* _AVAILABLE DATA_:

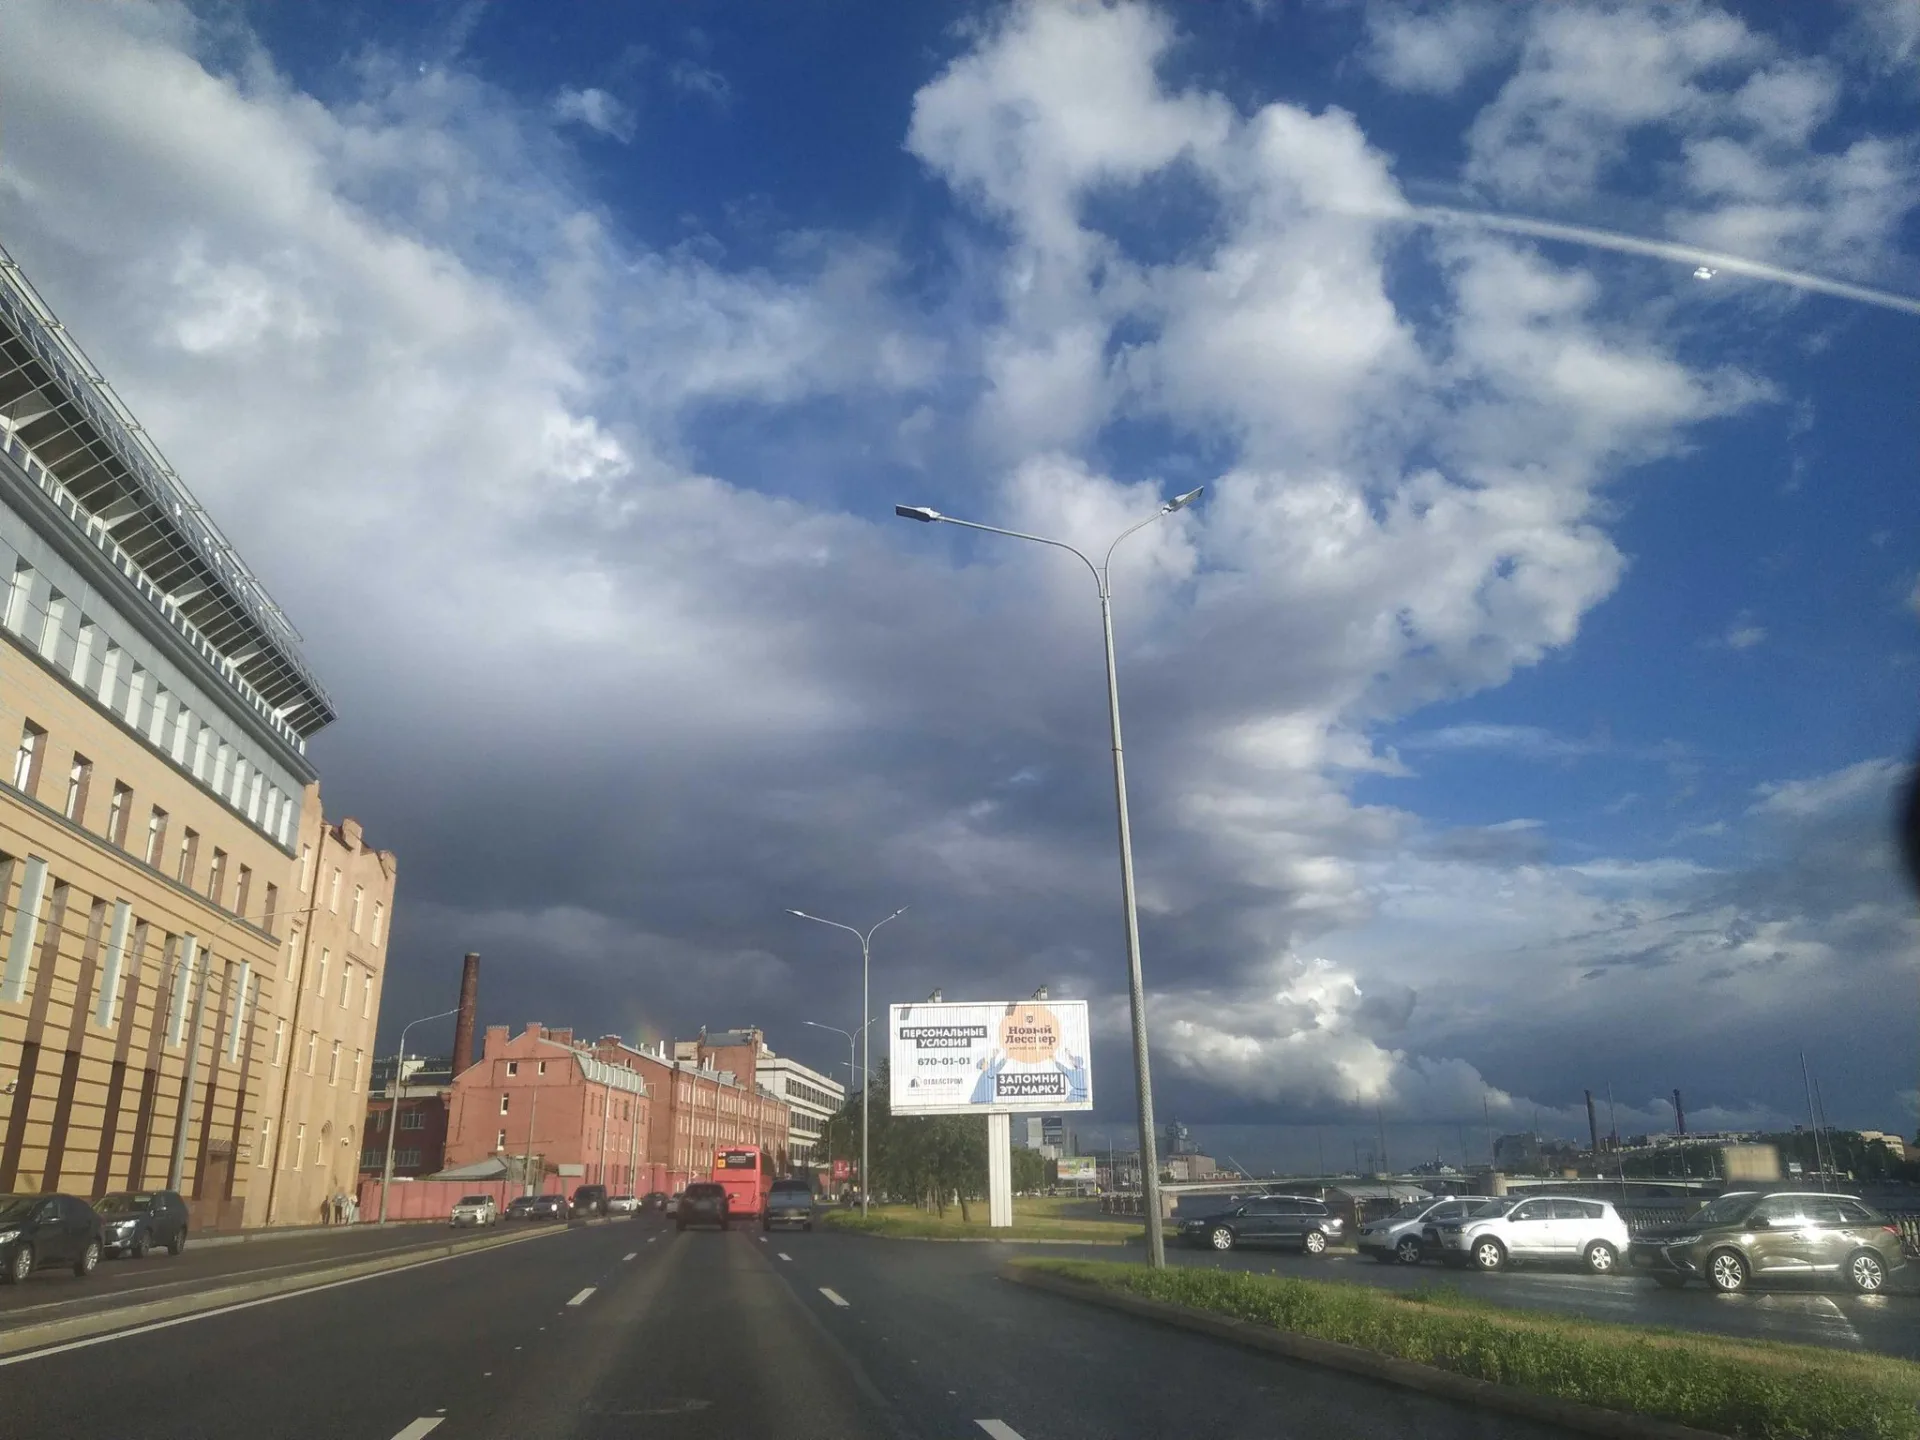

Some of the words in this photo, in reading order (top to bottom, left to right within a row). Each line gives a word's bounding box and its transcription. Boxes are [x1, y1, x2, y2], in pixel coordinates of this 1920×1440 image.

[903, 1028, 984, 1038] ПЕРСОНАЛЬНЫЕ
[1008, 1025, 1052, 1034] Новый
[919, 1039, 967, 1047] УСЛОВИЯ
[917, 1057, 971, 1066] 670-01-01
[999, 1074, 1059, 1084] ЗАПОМНИ
[999, 1085, 1020, 1095] ЭТУ

* _WHAT TO PRODUCE_:
Would you please repeat each record exactly? Leave the pictures out.

* _EXERCISE OUTPUT_:
Some of the words in this photo, in reading order (top to bottom, left to right within a row). Each line gives a word's bounding box and its transcription. Boxes are [x1, y1, x2, y2], in pixel coordinates of this 1920×1440 image.

[903, 1028, 984, 1038] ПЕРСОНАЛЬНЫЕ
[1008, 1025, 1052, 1034] Новый
[919, 1039, 967, 1047] УСЛОВИЯ
[917, 1057, 971, 1066] 670-01-01
[999, 1074, 1059, 1084] ЗАПОМНИ
[999, 1085, 1020, 1095] ЭТУ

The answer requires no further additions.